The algorithm's ability to handle massive sparse graphs without preprocessing creates a new paradigm for specific industrial domains:
| Sector | Application | DMMSY Advantage |
|---|---|---|
| Finance | Arbitrage Detection | Faster negative-cycle detection in violently dynamic FX/Crypto markets. |
| Networking | SDN & OSPF | Reduced path convergence time in datacenter fabrics during link failures. |
| Logistics | Live Traffic Routing | Faster fallback SSSP when emergency closures invalidate precomputed hierarchies. |
| EDA | Chip Design | Iterative timing analysis on circuit DAGs with millions of gate nodes. |
| Social Tech | Influence Analysis | Real-time recommendation ranking on billion-node sparse social graphs. |
Tests conducted on a modern x86_64 architecture with specialized selective reset and GC-managed timing.

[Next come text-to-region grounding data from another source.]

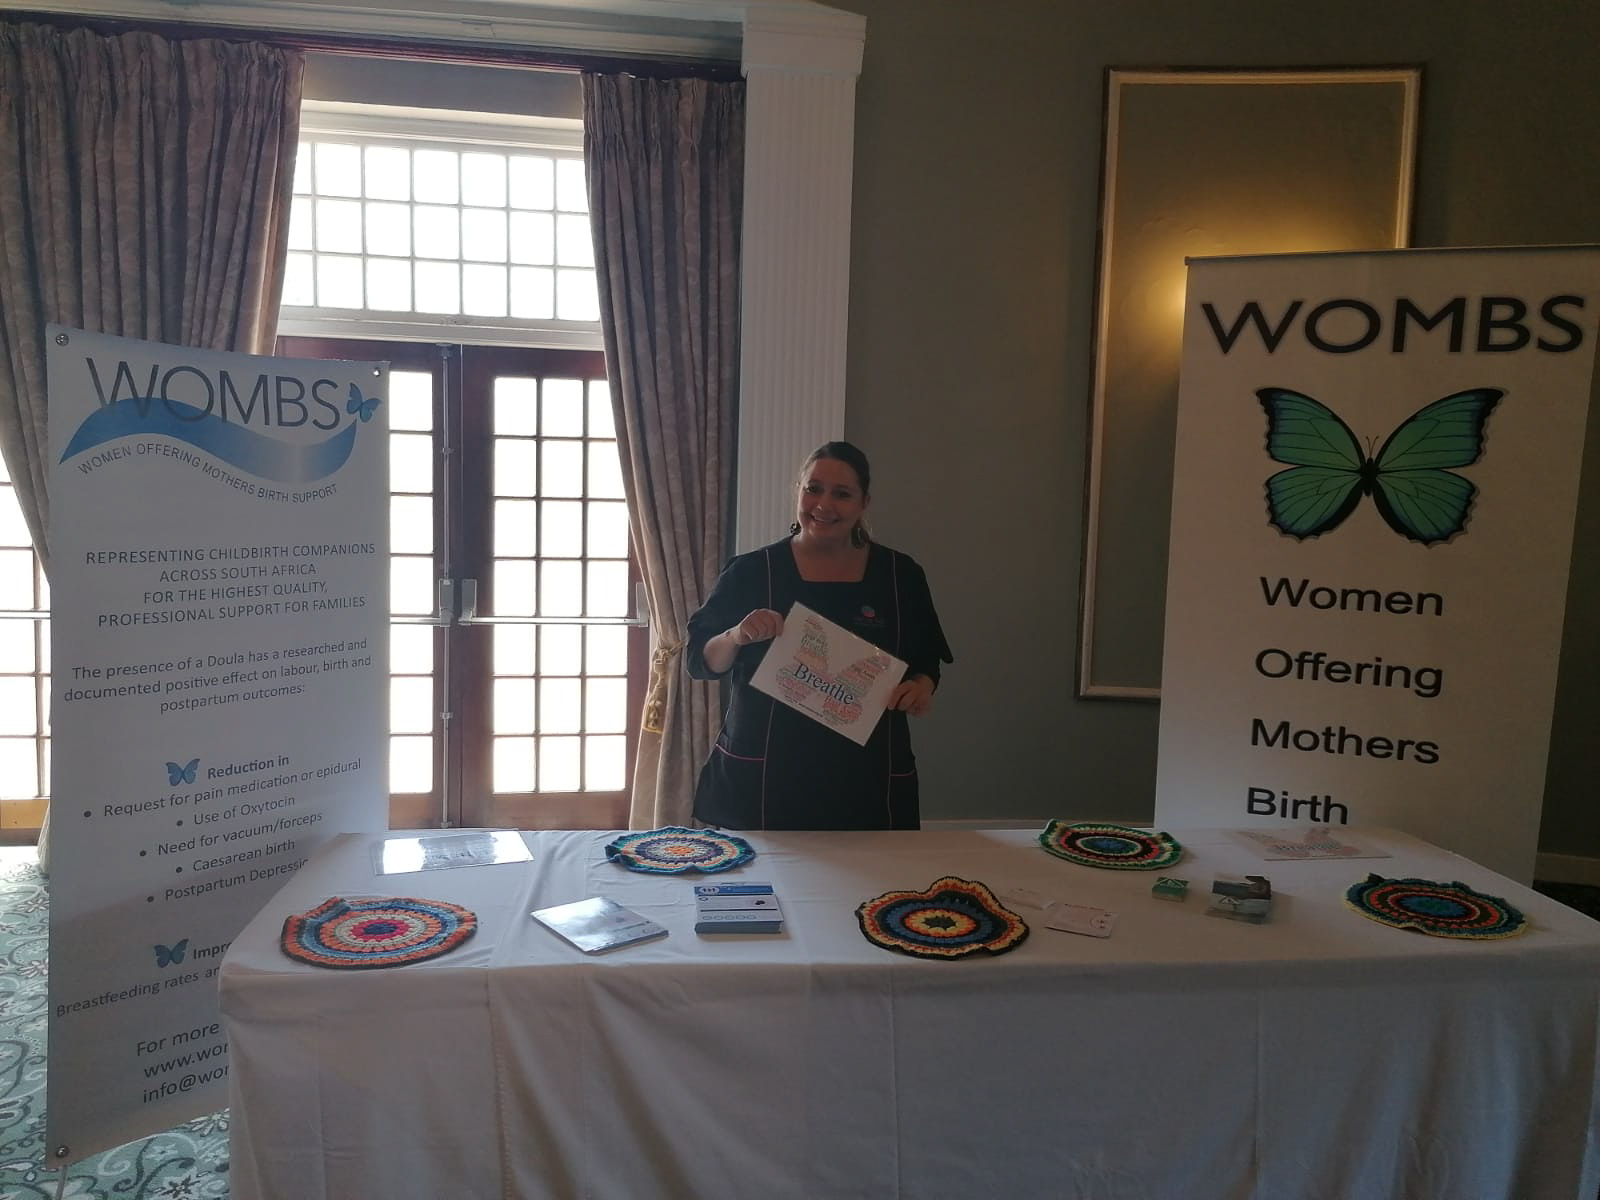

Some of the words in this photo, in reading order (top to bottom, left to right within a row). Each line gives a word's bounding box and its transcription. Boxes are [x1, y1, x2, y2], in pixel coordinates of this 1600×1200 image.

[1202, 295, 1585, 355] WOMBS
[86, 357, 340, 430] WOMBS
[78, 445, 131, 475] WOMEN
[136, 443, 201, 468] OFFERING
[202, 462, 255, 495] MOTHERS
[258, 487, 289, 503] BIRTH
[291, 483, 338, 503] SUPPORT
[86, 549, 205, 565] REPRESENTING
[209, 546, 289, 560] CHILDBIRTH
[293, 543, 375, 557] COMPANIONS
[160, 567, 217, 583] ACROSS
[221, 565, 267, 579] SOUTH
[271, 563, 316, 576] AFRICA
[98, 608, 215, 627] PROFESSIONAL
[219, 603, 280, 619] SUPPORT
[284, 601, 309, 613] FOR
[313, 596, 365, 611] FAMILIES
[144, 591, 174, 605] FOR
[180, 589, 207, 602] THE
[211, 584, 268, 599] HIGHEST
[1259, 576, 1444, 616] Women
[64, 681, 161, 702] documented
[165, 675, 219, 695] positive
[222, 670, 258, 685] effect
[262, 669, 277, 680] on
[280, 663, 320, 678] labour,
[323, 658, 348, 672] birth
[352, 656, 371, 668] and
[72, 666, 101, 680] The
[106, 660, 174, 680] presence
[177, 657, 192, 671] of
[196, 659, 203, 668] a
[207, 653, 244, 668] Doula
[248, 649, 269, 663] has
[272, 650, 279, 660] a
[283, 641, 344, 659] researched
[348, 639, 367, 650] and
[1255, 647, 1443, 698] Offering
[160, 692, 239, 715] postpartum
[243, 684, 305, 701] outcomes:
[794, 663, 853, 704] Breathe
[1251, 717, 1440, 764] Mothers
[208, 757, 274, 779] Reduction
[278, 755, 289, 767] in
[104, 797, 165, 817] Request
[170, 794, 190, 806] for
[195, 787, 223, 804] pain
[227, 772, 298, 795] medication
[301, 771, 313, 781] or
[317, 758, 361, 779] epidural
[1246, 786, 1349, 826] Birth
[194, 810, 219, 825] Use
[224, 806, 237, 819] of
[240, 795, 295, 817] Oxytocin
[158, 838, 196, 855] Need
[200, 833, 219, 847] for
[223, 811, 322, 842] vacuum/forceps
[193, 848, 262, 871] Caesarean
[266, 839, 295, 856] birth
[165, 874, 245, 901] Postpartum
[56, 980, 160, 1017] Breastfeeding
[164, 973, 198, 989] rates
[136, 1039, 167, 1056] For
[172, 1024, 220, 1046] more
[144, 1043, 229, 1078] www.wo
[143, 1065, 229, 1103] info@wo

The results below showcase the stable performance delta under --math-mode=fast.
Note
The algorithm achieves its maximum performance delta at scale (250k–1M+ nodes), where the reduction in sorting overhead and enhanced memory locality most effectively mitigate the cache-bottlenecks of standard priority queues. At 1M nodes, DMMSY outperforms Dijkstra by over 200x.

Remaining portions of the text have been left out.